15 señales pocos conocidas que podrían indicar un problema en el hígado

El hígado desempeña funciones esenciales para el organismo, como procesar nutrientes, eliminar sustancias de desecho y producir componentes necesarios para el buen funcionamiento del cuerpo. Cuando este órgano presenta alguna alteración, es posible que aparezcan síntomas que muchas veces pasan desapercibidos o se atribuyen a otras causas.

Es importante recordar que estas señales no confirman por sí solas una enfermedad hepática, pero sí pueden ser un motivo para consultar con un profesional de la salud.

Señales que podrían estar relacionadas con el hígado

Algunos síntomas que los especialistas consideran importantes son:

  1. Cansancio constante sin una causa evidente.
  2. Coloración amarillenta en la piel o en los ojos.
  3. Orina con un tono muy oscuro.
  4. Heces de color claro o blanquecino.
  5. Picazón persistente en distintas zonas del cuerpo.
  6. Molestias o dolor en la parte superior derecha del abdomen.
  7. Abdomen inflamado o sensación de hinchazón.
  8. Disminución del apetito.
  9. Náuseas o vómitos frecuentes.
  10. Aparición de moretones con facilidad o sangrados inusuales.
  11. Inflamación en pies, tobillos o piernas.
  12. Debilidad generalizada.
  13. Dificultad para concentrarse o cambios en el estado mental.
  14. Pérdida de peso sin una explicación clara.
  15. Enrojecimiento persistente en las palmas de las manos.

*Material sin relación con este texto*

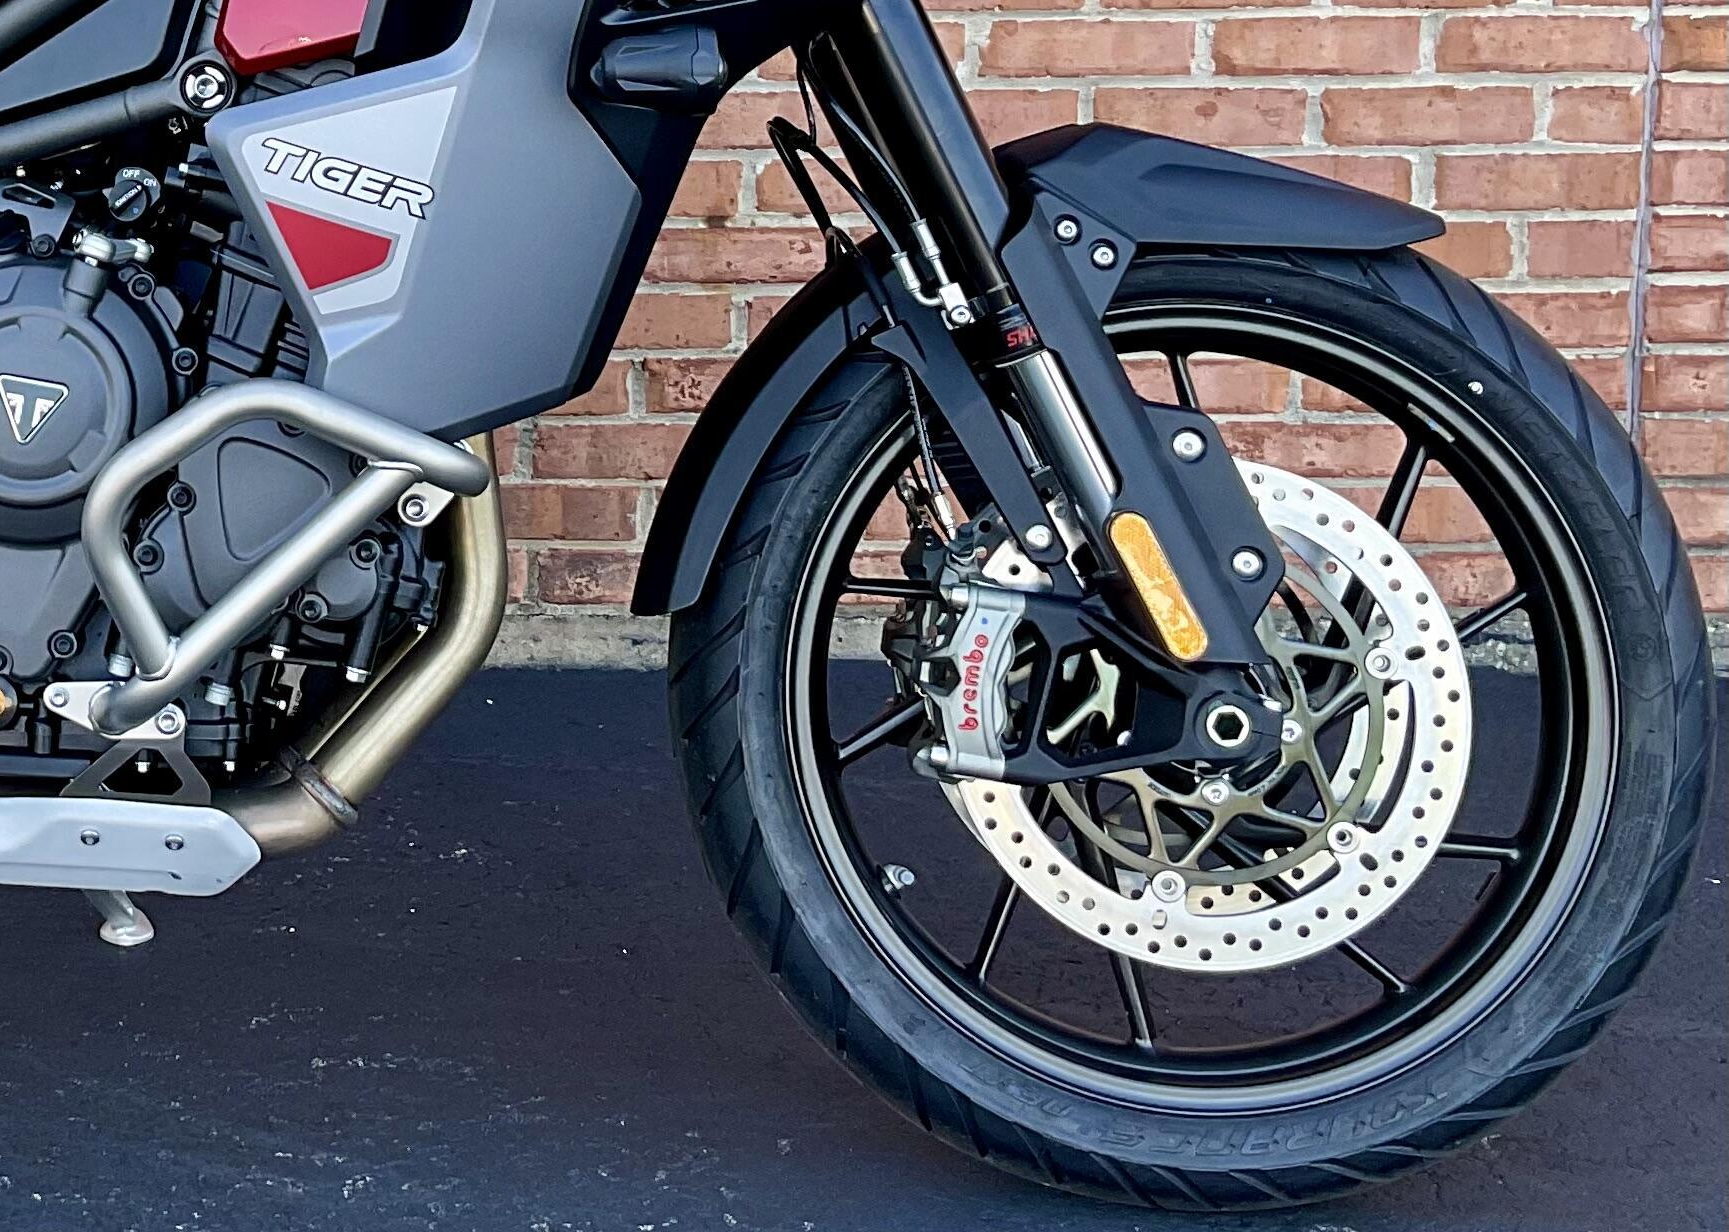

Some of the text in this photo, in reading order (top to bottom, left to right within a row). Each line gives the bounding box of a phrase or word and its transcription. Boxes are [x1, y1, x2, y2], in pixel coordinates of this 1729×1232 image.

No siempre indican una enfermedad hepática

Estos signos también pueden estar asociados con otros problemas de salud. Por ello, es importante no sacar conclusiones sin una valoración médica.

¿Cuándo conviene acudir al médico?

Si alguno de estos síntomas persiste, empeora o aparece junto con fiebre, dolor intenso o ictericia, es recomendable buscar atención médica lo antes posible.

Hábitos que ayudan a proteger el hígado

Para favorecer la salud hepática se recomienda:

  • Llevar una alimentación equilibrada.
  • Limitar el consumo de bebidas alcohólicas.
  • Evitar la automedicación.
  • Mantener un peso saludable.
  • Practicar actividad física regularmente.
  • Realizar controles médicos cuando sean necesarios.

La detección temprana hace la diferencia

Muchas enfermedades del hígado pueden tratarse con mejores resultados cuando se identifican en sus primeras etapas mediante exámenes médicos y pruebas de laboratorio.